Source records
+---+

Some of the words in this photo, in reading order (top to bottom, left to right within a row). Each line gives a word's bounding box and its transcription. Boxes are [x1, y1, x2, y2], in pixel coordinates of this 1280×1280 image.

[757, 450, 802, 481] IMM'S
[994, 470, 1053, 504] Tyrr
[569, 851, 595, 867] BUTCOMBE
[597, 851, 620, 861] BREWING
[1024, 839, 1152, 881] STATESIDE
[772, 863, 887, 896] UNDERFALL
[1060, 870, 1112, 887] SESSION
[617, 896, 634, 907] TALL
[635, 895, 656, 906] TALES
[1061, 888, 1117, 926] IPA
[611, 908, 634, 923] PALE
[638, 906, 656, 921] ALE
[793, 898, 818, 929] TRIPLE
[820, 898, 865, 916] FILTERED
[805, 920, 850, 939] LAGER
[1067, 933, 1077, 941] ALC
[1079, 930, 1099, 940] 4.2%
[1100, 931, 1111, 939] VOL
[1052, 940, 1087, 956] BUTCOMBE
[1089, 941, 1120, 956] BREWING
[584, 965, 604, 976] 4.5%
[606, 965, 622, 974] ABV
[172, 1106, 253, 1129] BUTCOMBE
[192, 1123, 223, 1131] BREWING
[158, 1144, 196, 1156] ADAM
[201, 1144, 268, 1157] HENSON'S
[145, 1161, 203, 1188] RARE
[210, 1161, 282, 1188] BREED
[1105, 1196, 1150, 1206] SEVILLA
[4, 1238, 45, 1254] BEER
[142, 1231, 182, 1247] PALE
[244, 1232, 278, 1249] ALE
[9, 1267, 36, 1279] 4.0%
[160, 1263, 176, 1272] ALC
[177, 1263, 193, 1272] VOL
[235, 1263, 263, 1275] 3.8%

+---+

__Try it__.
The answer is the full data, repeated exactly as shown.

__Task solution__.
Some of the words in this photo, in reading order (top to bottom, left to right within a row). Each line gives a word's bounding box and its transcription. Boxes are [x1, y1, x2, y2], in pixel coordinates of this 1280×1280 image.

[757, 450, 802, 481] IMM'S
[994, 470, 1053, 504] Tyrr
[569, 851, 595, 867] BUTCOMBE
[597, 851, 620, 861] BREWING
[1024, 839, 1152, 881] STATESIDE
[772, 863, 887, 896] UNDERFALL
[1060, 870, 1112, 887] SESSION
[617, 896, 634, 907] TALL
[635, 895, 656, 906] TALES
[1061, 888, 1117, 926] IPA
[611, 908, 634, 923] PALE
[638, 906, 656, 921] ALE
[793, 898, 818, 929] TRIPLE
[820, 898, 865, 916] FILTERED
[805, 920, 850, 939] LAGER
[1067, 933, 1077, 941] ALC
[1079, 930, 1099, 940] 4.2%
[1100, 931, 1111, 939] VOL
[1052, 940, 1087, 956] BUTCOMBE
[1089, 941, 1120, 956] BREWING
[584, 965, 604, 976] 4.5%
[606, 965, 622, 974] ABV
[172, 1106, 253, 1129] BUTCOMBE
[192, 1123, 223, 1131] BREWING
[158, 1144, 196, 1156] ADAM
[201, 1144, 268, 1157] HENSON'S
[145, 1161, 203, 1188] RARE
[210, 1161, 282, 1188] BREED
[1105, 1196, 1150, 1206] SEVILLA
[4, 1238, 45, 1254] BEER
[142, 1231, 182, 1247] PALE
[244, 1232, 278, 1249] ALE
[9, 1267, 36, 1279] 4.0%
[160, 1263, 176, 1272] ALC
[177, 1263, 193, 1272] VOL
[235, 1263, 263, 1275] 3.8%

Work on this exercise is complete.